Ma c’è una maschera elementare della ragione del mercato, che è alla base di questo comportamento inquietante di coloro che usano il populismo sulla scia dell’odio per il fascismo militante. Aldous Huxley affermava che “la maschera è l’essenza” come “guscio vuoto” come disinformazione o come certificato di pigrizia mentale che non richiede alcuna giustificazione: chi usa la parola populismo contro gli altri – pensano i suoi utilizzatori – difende solo la modernità e la “libertà” e chi è “accusato” è escluso dall'essere ascoltato sul futuro.
Uso la parola populismo, in questo testo, per esprimere giudizi su coloro che – per attaccare avversari o nemici – manipolano parole, risorse e situazioni storiche, per conquistare irrazionalmente le menti dei propri popoli, mirando a esercitare il potere attraverso la guerra nel nome della nazione falsificatrice.

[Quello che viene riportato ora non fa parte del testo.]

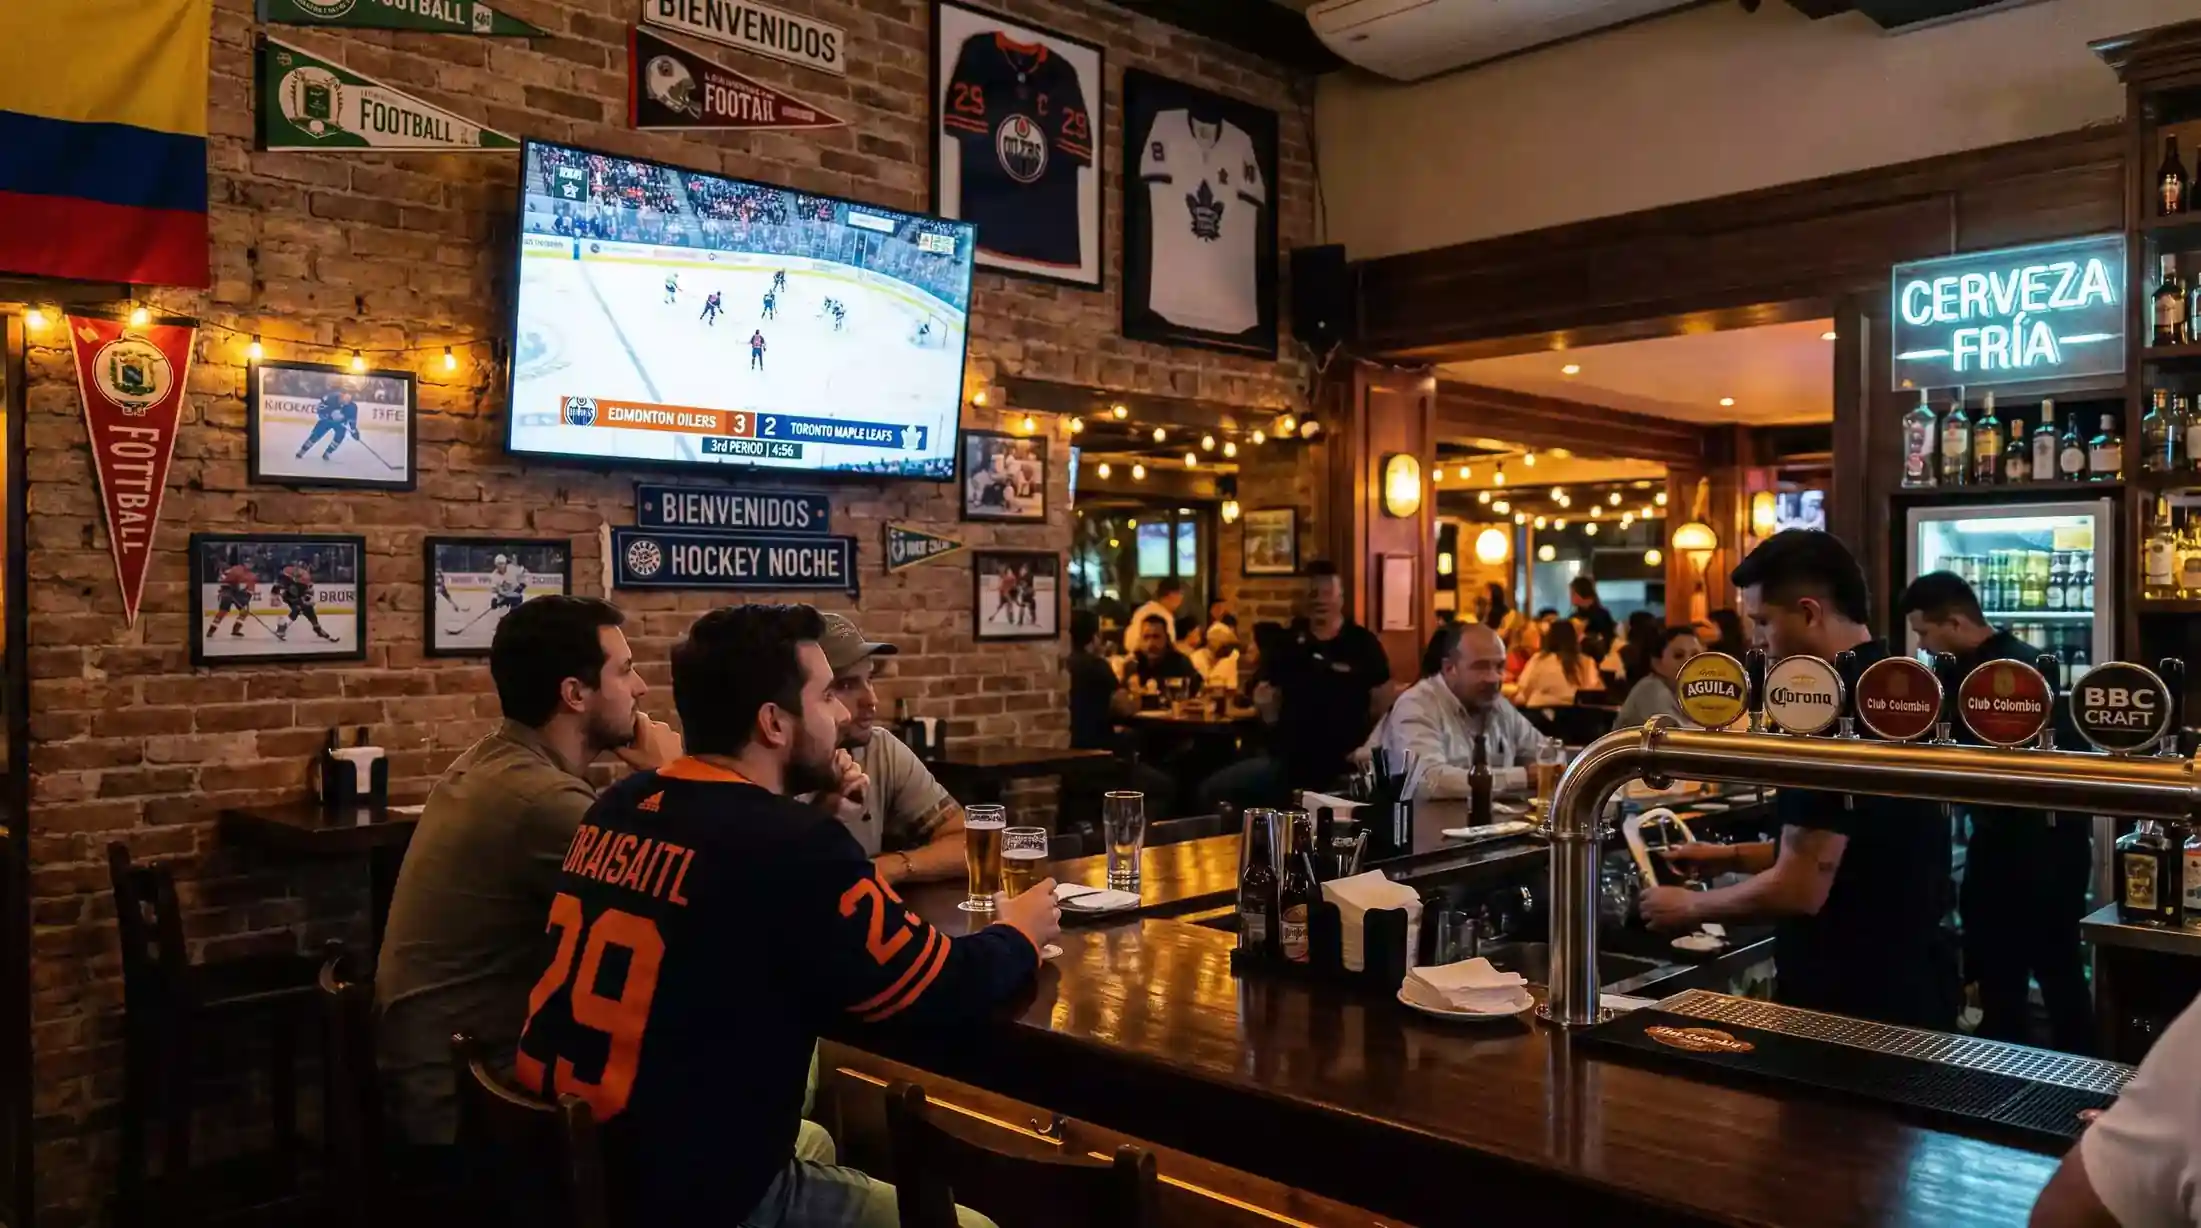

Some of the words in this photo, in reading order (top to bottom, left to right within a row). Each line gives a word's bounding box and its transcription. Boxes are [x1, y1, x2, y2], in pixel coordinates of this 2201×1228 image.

L'uso delle parole o la loro soppressione, in un dibattito di grande portata morale e politica, come nella recente polemica sulle parole di Lula sui crimini di guerra commessi dal governo israeliano – in nome del suo Stato – non è stato necessario. non c’è momento in cui Benjamin Netanyahu sia stato additato come un pericoloso serial killer, né come un capo di stato populista che valorizza la guerra, non la pace.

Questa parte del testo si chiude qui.